While toying around with my machine, I was soon to find out that the Kinect hosts an awesome power that unleashes the worst in human villainy, and it wasn't that Yoostar 2 didn't live up to my expectations. I honestly haven't even tried it yet.
This villainy stems from the deep, dark recesses of mankind's soul. It lurks in the pit of our bowels each waking moment, and it simmers to a boil, slipping out every so often when we feel stressed or backed into a corner. Whenever we feel that need to thrash on someone lower down on the food chain than us, we let this smoldering beast free to have its reign of terror for a few hours, plaguing hapless and helpless victims like Alex DeLarge on invalids.

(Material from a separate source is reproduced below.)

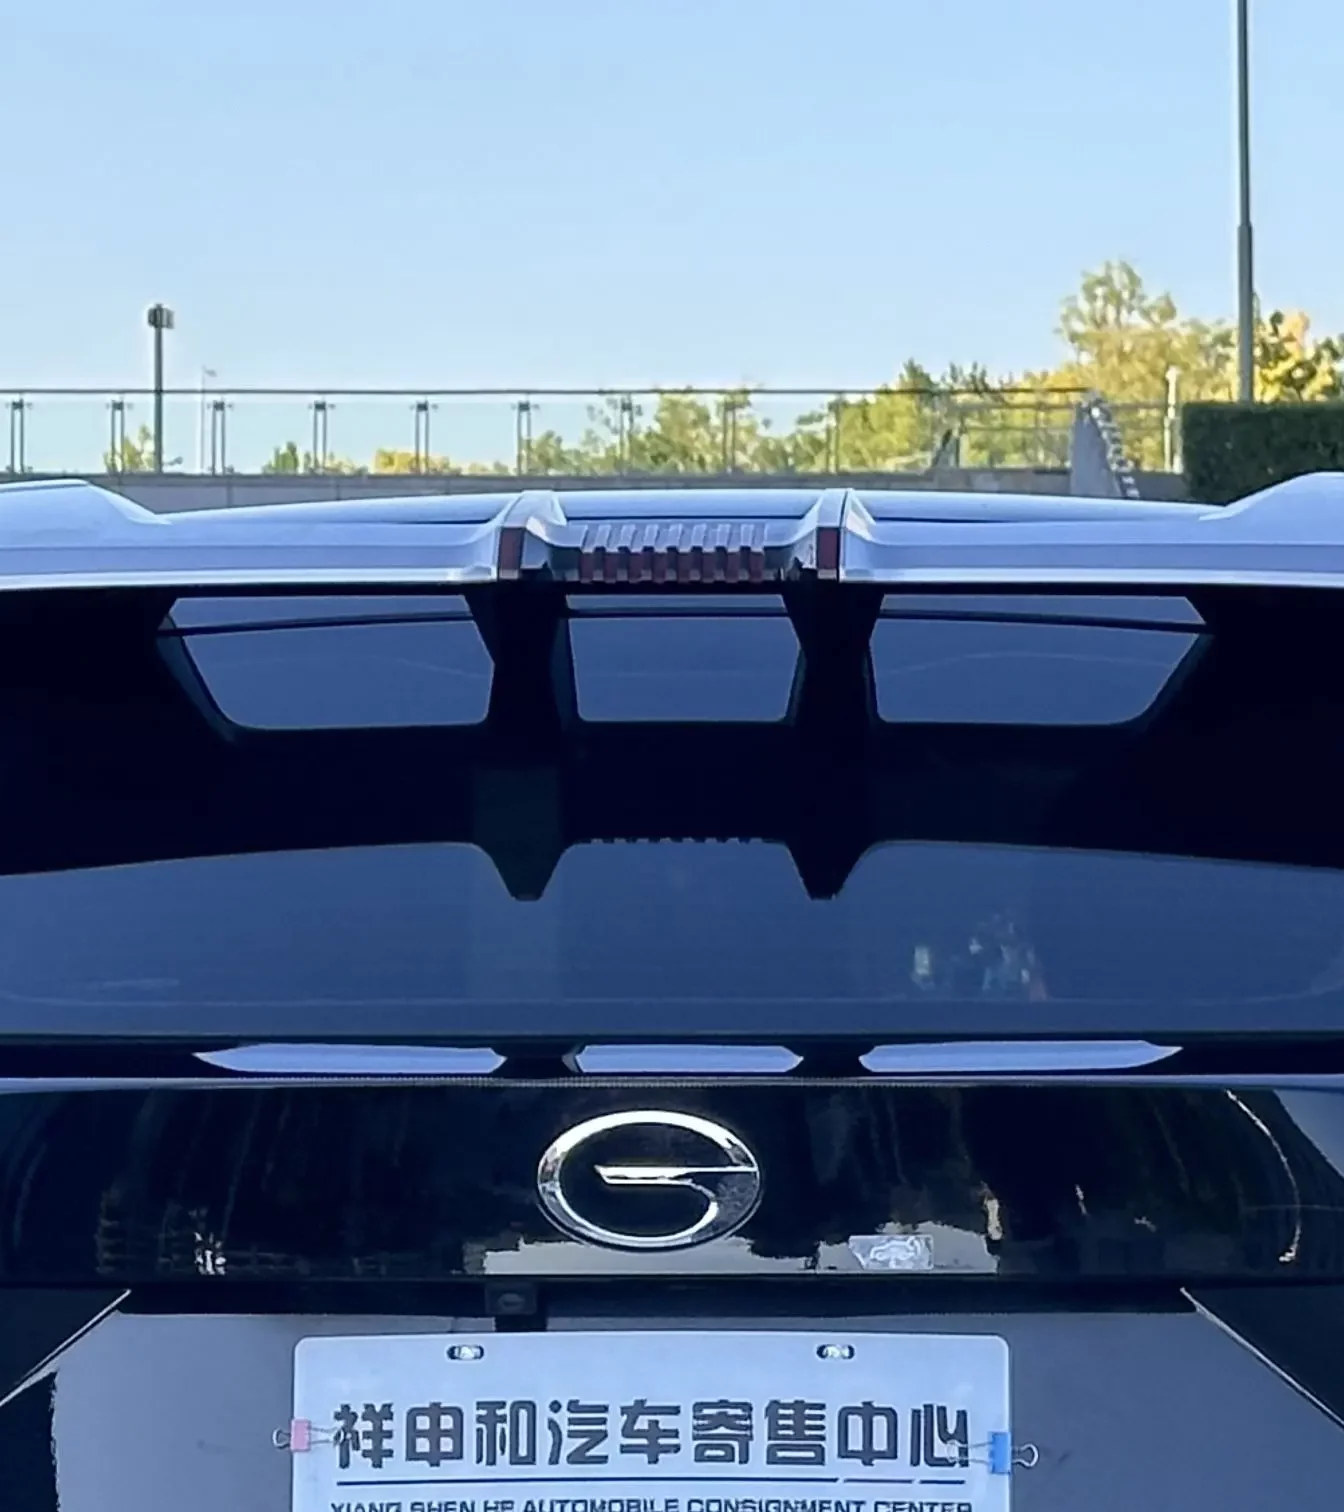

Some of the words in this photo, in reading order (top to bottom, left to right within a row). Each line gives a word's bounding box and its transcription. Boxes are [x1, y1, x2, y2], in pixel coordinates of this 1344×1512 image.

[333, 1399, 970, 1469] 祥申和汽车寄售中心
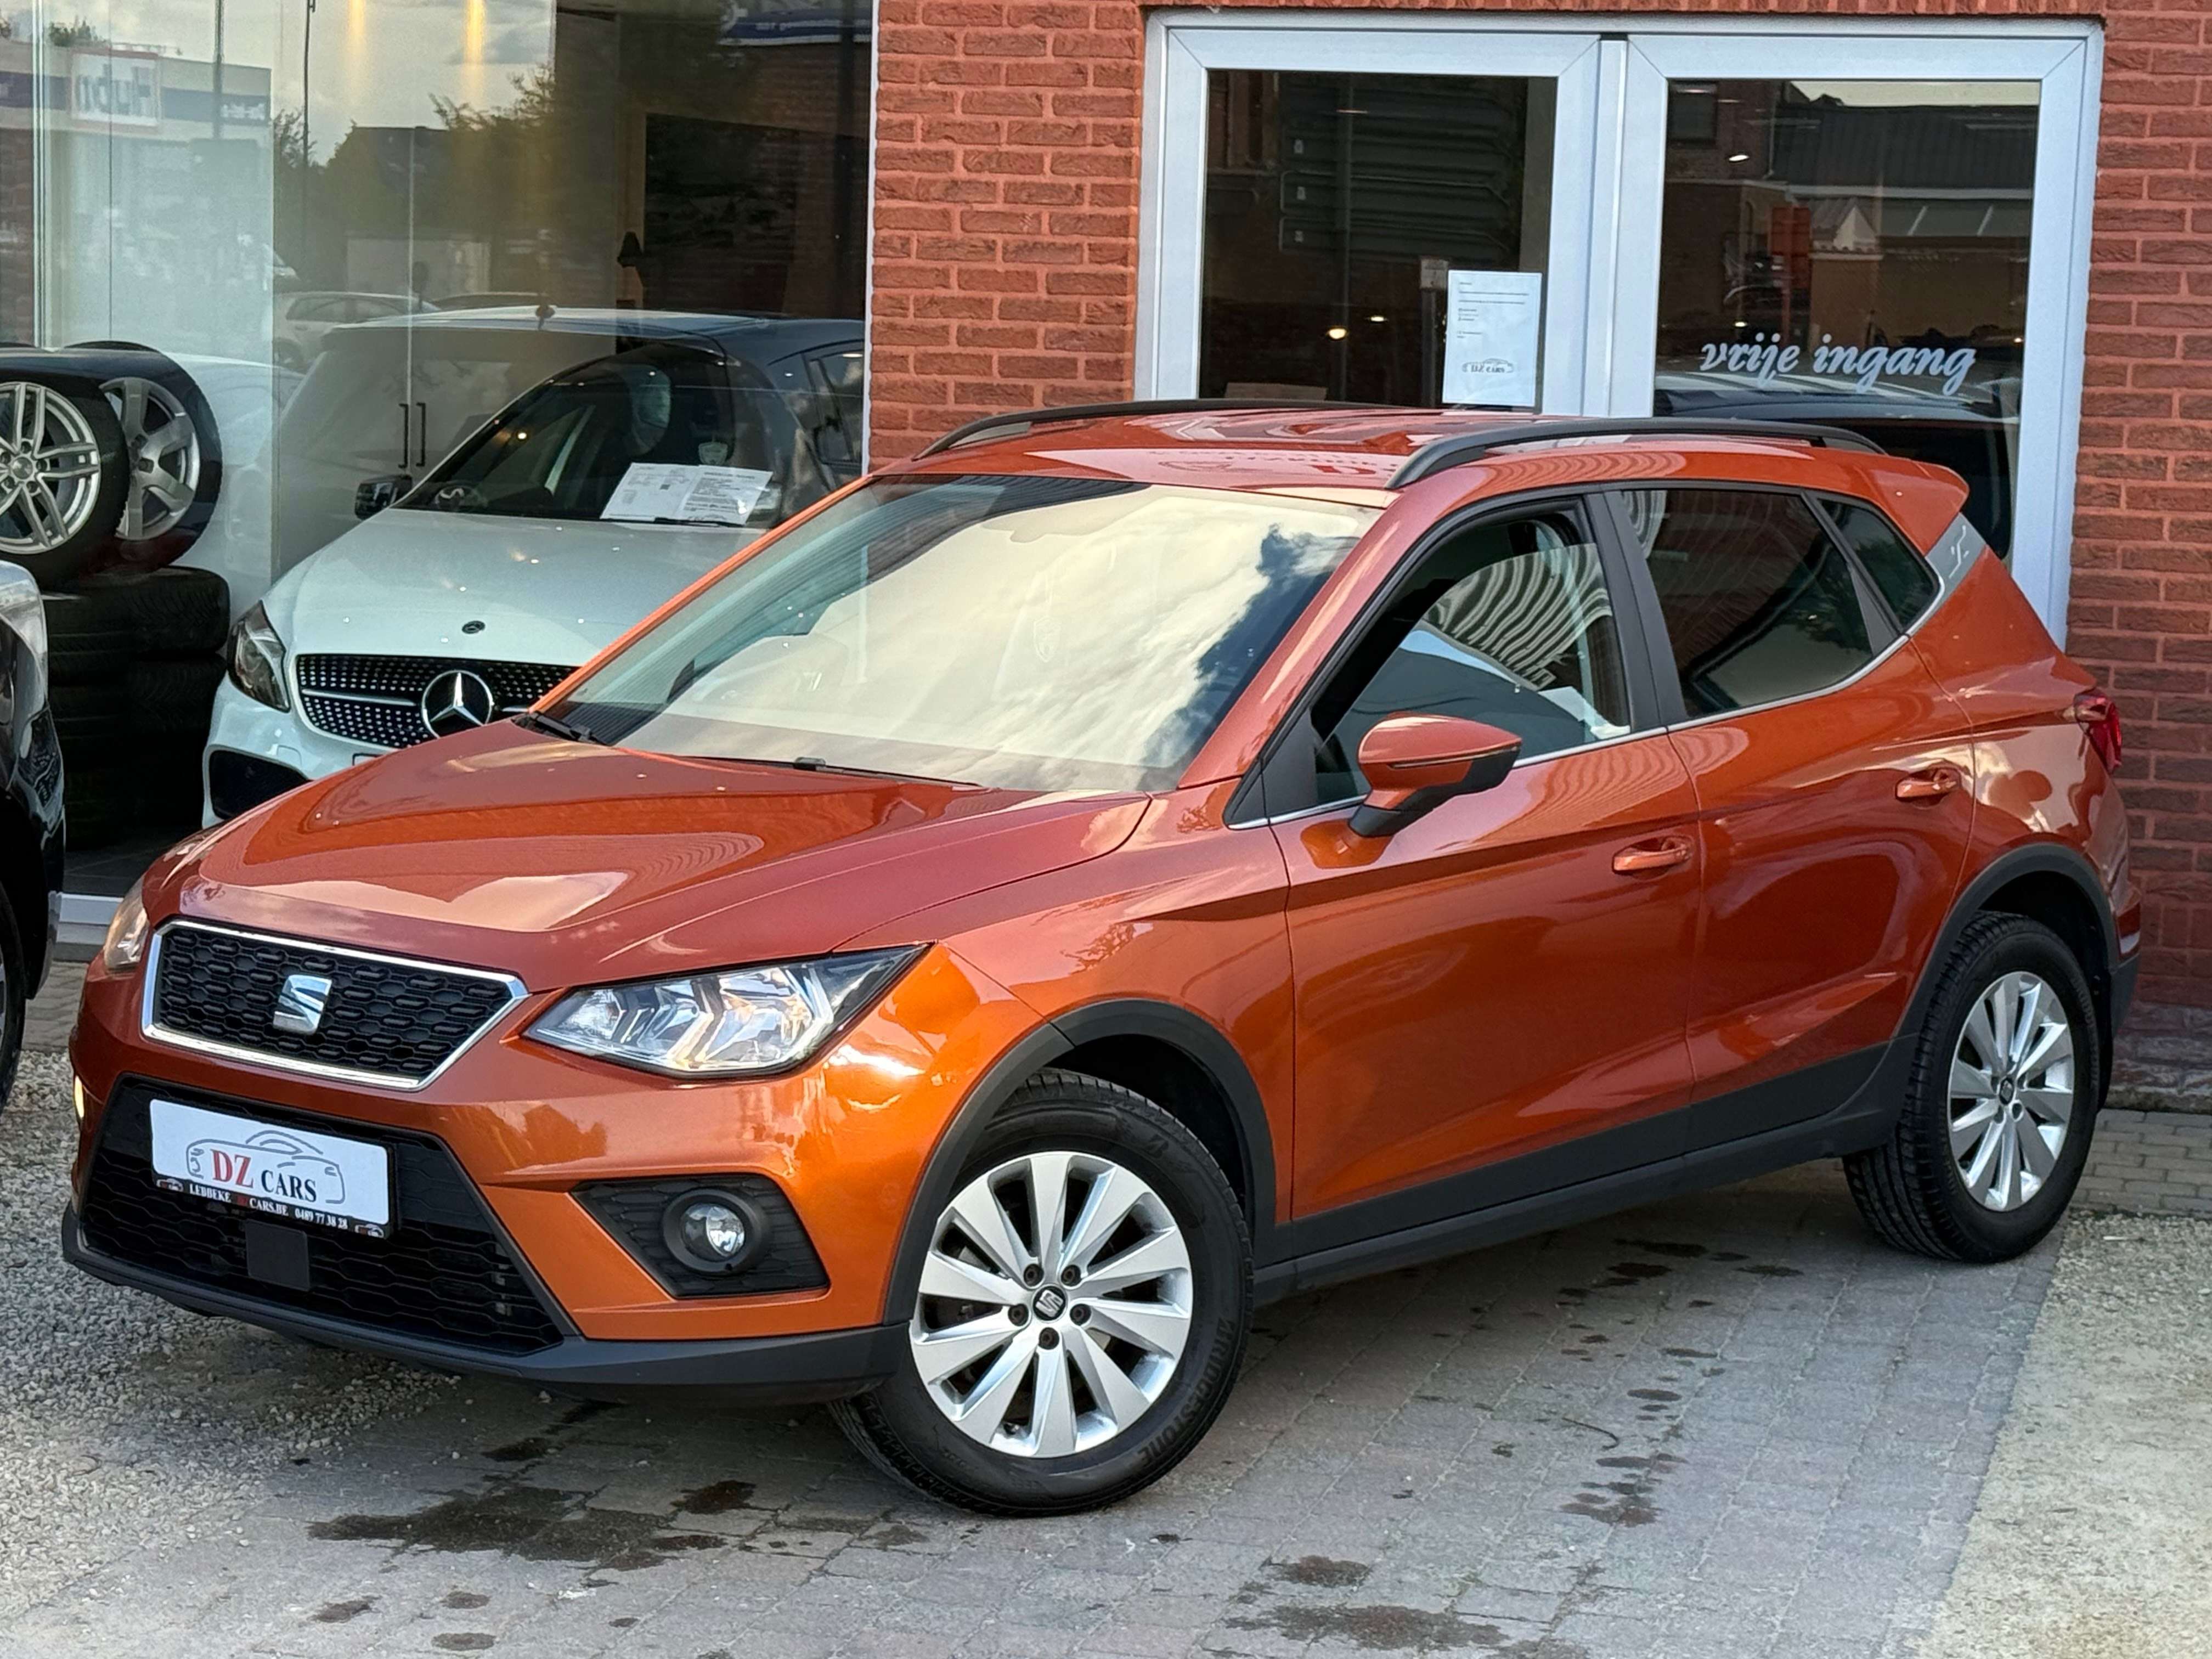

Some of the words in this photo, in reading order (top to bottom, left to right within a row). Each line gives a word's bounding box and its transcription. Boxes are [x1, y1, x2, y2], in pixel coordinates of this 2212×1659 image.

Human anger. Outbursts of frustration.
When the rage has burned down and been contained again, we put our normal, polite, civil, human faces on again to cooperate with the rest of society and the community around us. Our vicious words are ignored, for the most part, as if they never happened, and the wheels of society continue spiraling. That is, they did before Kinect came to us.
One of the functions on this little toy is its ability to obey voice commands and carry out the most menial and simple of tasks, like opening or closing a disc tray. For it to hear correctly, I've often had to yell at it like some senile old man you may find screaming at bushes growing next to his front door. Just standing there. Screaming raptly at an inanimate object.
In response, the X-Box simply obeys. It listens, and if one were to scream loud enough, it gives in without a peep of protest. Just calm silence. Pent-up spite from stress long ago finds a way to creep into the human mind at this premise, as I can simply order the X-Box to open the disc tray, set in a disc manually, and then walk away a few feet without closing the tray only to order my machine to do it for me. Sure, I could have closed that disc tray. I was right there. A mere few inches away. Just a push of a button.
But NOOOOOOOO.
I wanted to make the X-Box do it. It had to learn some discipline. It had to learn who the master was. Us. The little people who work menial jobs in a world structured against them.
As I sit here and write this up, I can hear my younger brother downstairs testing out my Kinect. He's screaming at the machine to pull up Netflix, and I sense frustration in that the episode he ordered to watch didn't play exactly as he deemed fit.
He could have simply used a controller, but no, the temptation was there. Let's yell at the machine to do it. That bitch. That peon.
This is how the wealthy must feel about their servers.